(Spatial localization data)
--- START ---
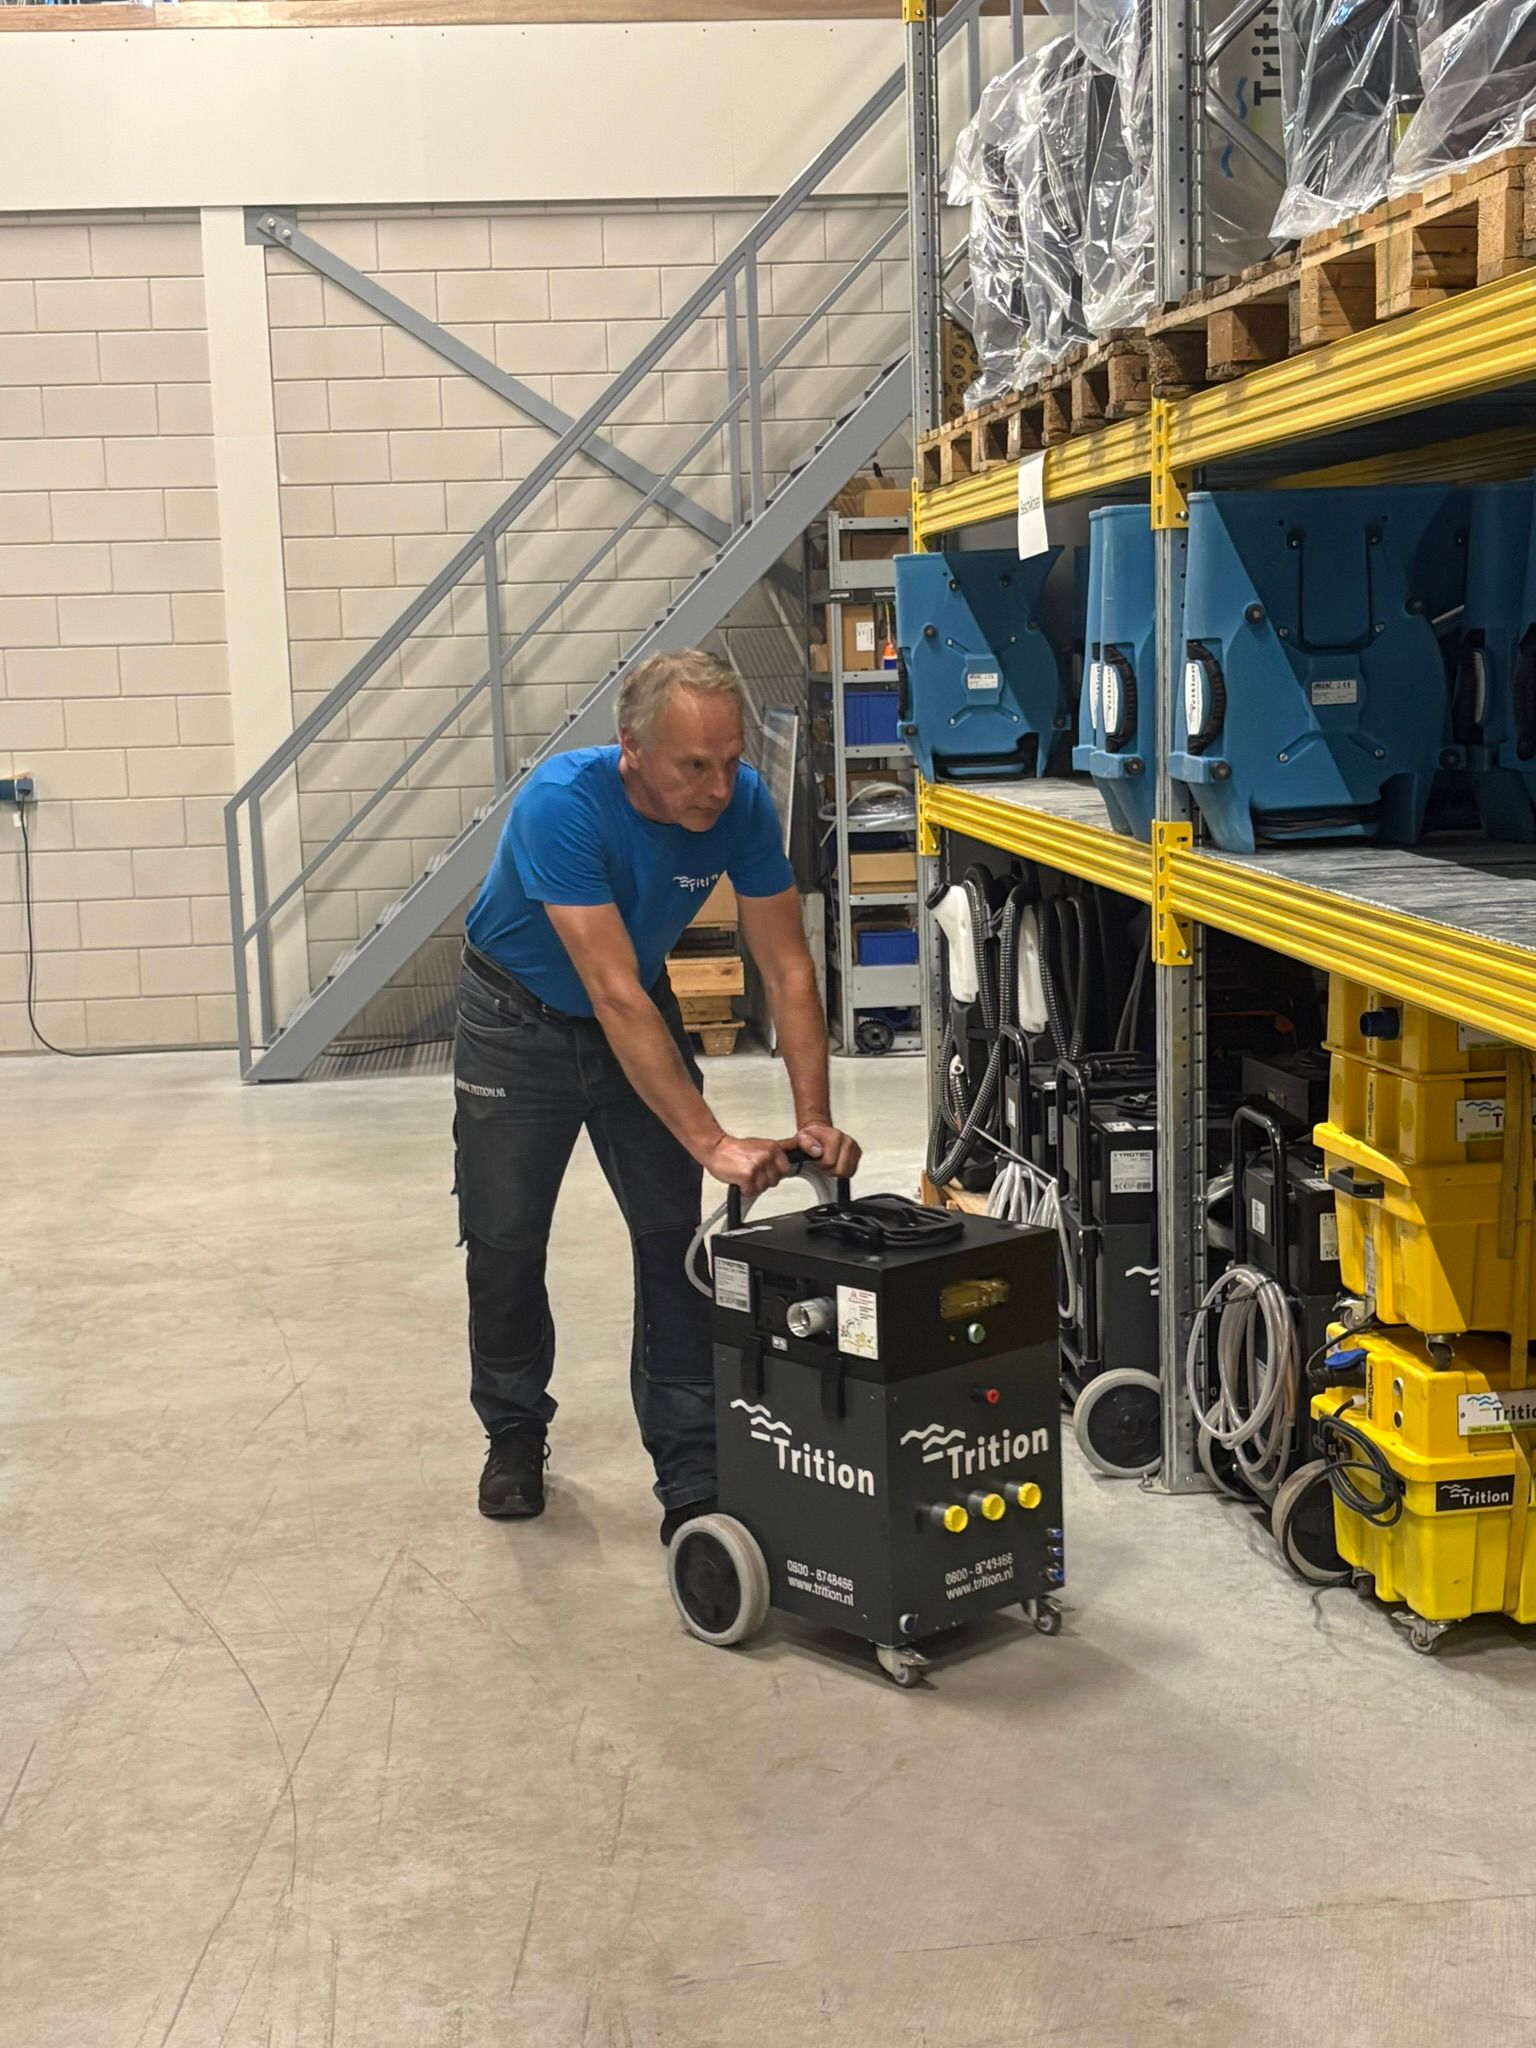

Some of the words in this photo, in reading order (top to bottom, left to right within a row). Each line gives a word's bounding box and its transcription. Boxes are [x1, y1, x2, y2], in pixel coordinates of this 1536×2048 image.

[773, 1436, 875, 1497] Trition
[947, 1427, 1049, 1480] Trition
[1461, 1489, 1510, 1506] Trition
[787, 1575, 855, 1607] www.trition.nl
[945, 1565, 1014, 1601] www.trition.nl
--- END ---
#### WHAT NEEDS TO BE DONE
Restate all entries above exactly, but not the images.

#### TASK OUTPUT
Some of the words in this photo, in reading order (top to bottom, left to right within a row). Each line gives a word's bounding box and its transcription. Boxes are [x1, y1, x2, y2], in pixel coordinates of this 1536×2048 image.

[773, 1436, 875, 1497] Trition
[947, 1427, 1049, 1480] Trition
[1461, 1489, 1510, 1506] Trition
[787, 1575, 855, 1607] www.trition.nl
[945, 1565, 1014, 1601] www.trition.nl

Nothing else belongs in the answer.